On 06/28/17 16:52, [email protected] wrote:
>
> We were using HP Helion 2.1.5 ( OpenStack + Ceph )
>
> The OpenStack version is *Kilo* and Ceph version is *firefly*
>
>  
>
> The way we backup VMs is create a snapshot by Ceph commands (rbd
> snapshot) then download (rbd export) it.
>
>  
>
> We found a very high Disk Read / Write latency during creating /
> deleting snapshots, it will higher than 10000 ms.
>
>  
>
> Even not during backup jobs, we often see a more than 4000 ms latency
> occurred.
>
>  
>
> Users start to complain.
>
> Could you please help us to how to start the troubleshooting?
>
>  
>
For creating snaps and keeping them, this was marked wontfix
http://tracker.ceph.com/issues/10823

For deleting, see the recent "Snapshot removed, cluster thrashed" thread
for some config to try.

And I find this to be a very severe problem. And you haven't even seen
the worst... also make more and it gets slower and slower to do many
things (resize, clone, snap revert, etc.) (but a fully flattened image
seen by a client seems as fast as normal usually).
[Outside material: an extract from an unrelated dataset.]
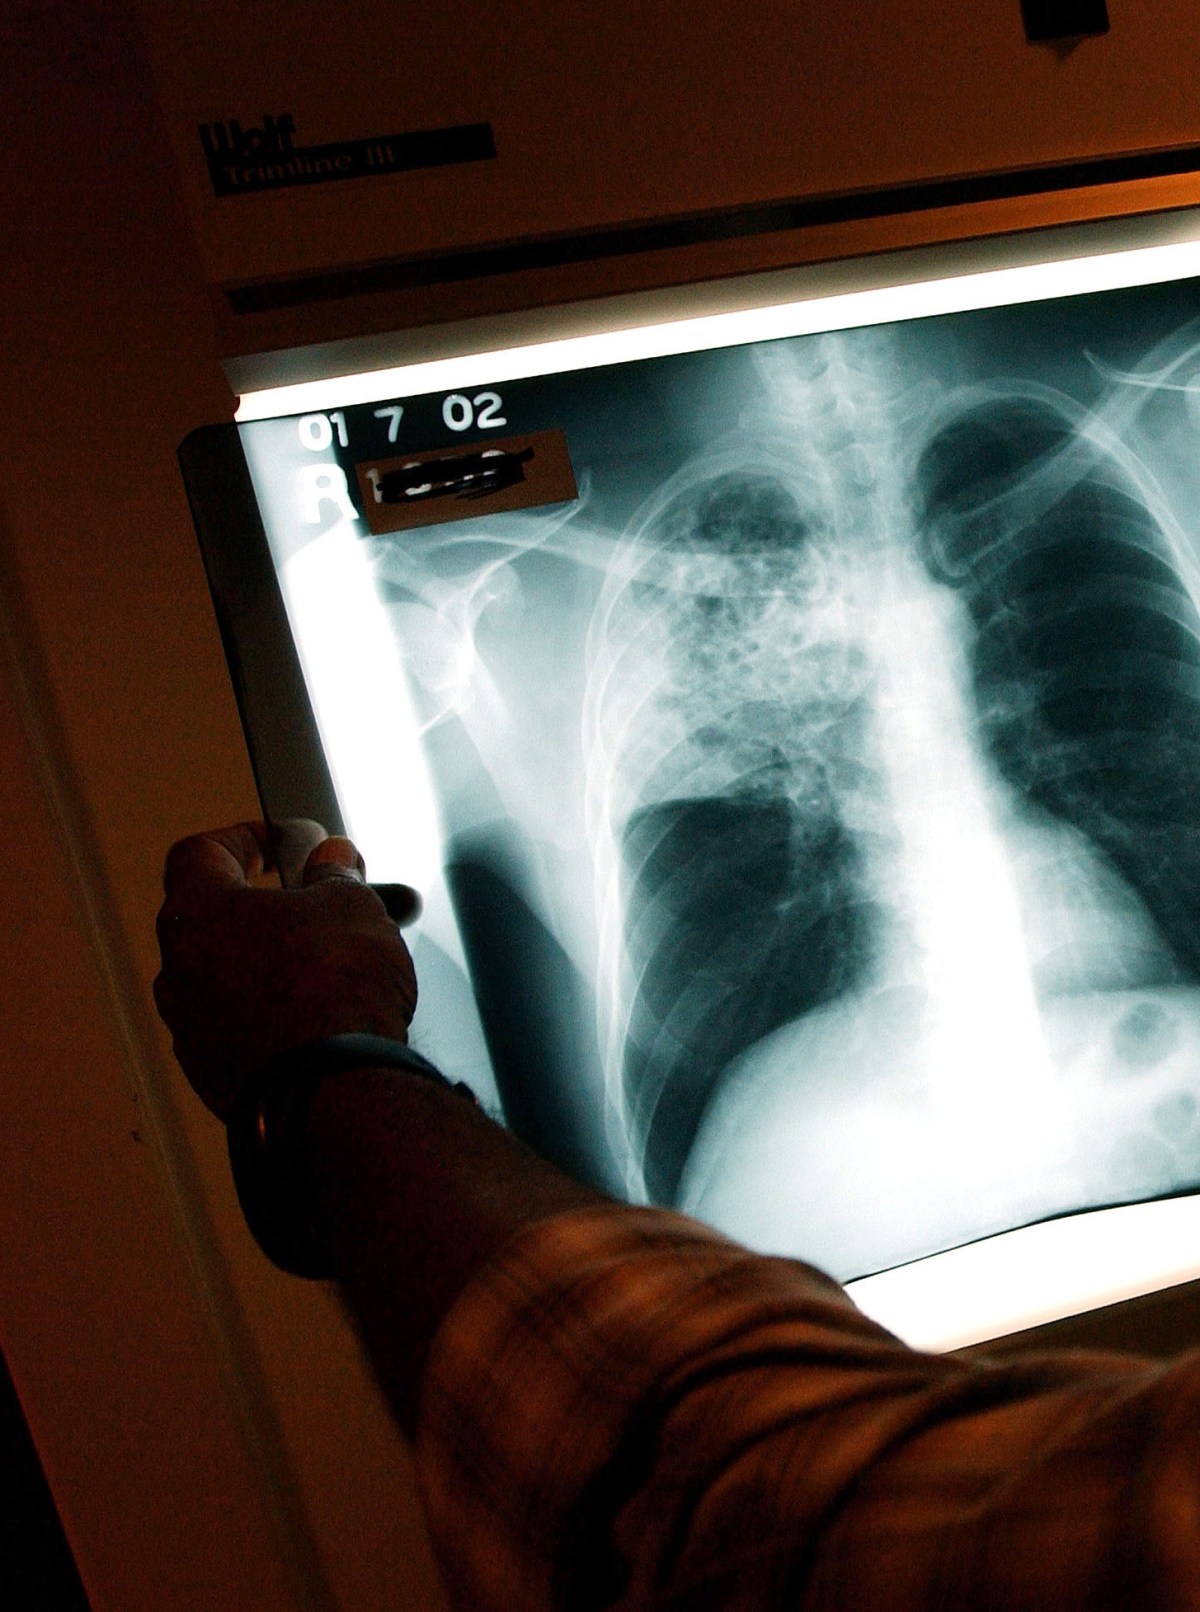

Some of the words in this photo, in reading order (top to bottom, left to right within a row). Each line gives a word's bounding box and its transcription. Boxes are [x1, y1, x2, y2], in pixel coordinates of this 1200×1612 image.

Let's pool some money together as a reward for making snapshots work
properly/modern, like on ZFS and btrfs where they don't have to copy so
much....they "redirect on write" rather than literally "copy on write".
(what would be a good way to pool money like that?). If others are
interested, I surely am, but would have to ask the boss about money.
Even if it's only for bluestore, so only for future releases, that's ok
with me. And if it keeps the copy on the same osd/fs as the original,
that is acceptable too.


https://storageswiss.com/2016/04/01/snapshot-101-copy-on-write-vs-redirect-on-write/
> Consider a *copy-on-write* system, which /copies/ any blocks before
> they are overwritten with new information (i.e. it copies on writes).
> In other words, if a block in a protected entity is to be modified,
> the system will copy that block to a separate snapshot area before it
> is overwritten with the new information. This approach requires three
> I/O operations for each write: one read and two writes. [...] This
> decision process for each block also comes with some computational
> overhead.

> A *redirect-on-write* system uses pointers to represent all protected
> entities. If a block needs modification, the storage system merely
> /redirects/ the pointer for that block to another block and writes the
> data there. [...] There is zero computational overhead of reading a
> snapshot in a redirect-on-write system.

> The redirect-on-write system uses 1/3 the number of I/O operations
> when modifying a protected block, and it uses no extra computational
> overhead reading a snapshot. Copy-on-write systems can therefore have
> a big impact on the performance of the protected entity. The more
> snapshots are created and the longer they are stored, the greater the
> impact to performance on the protected entity.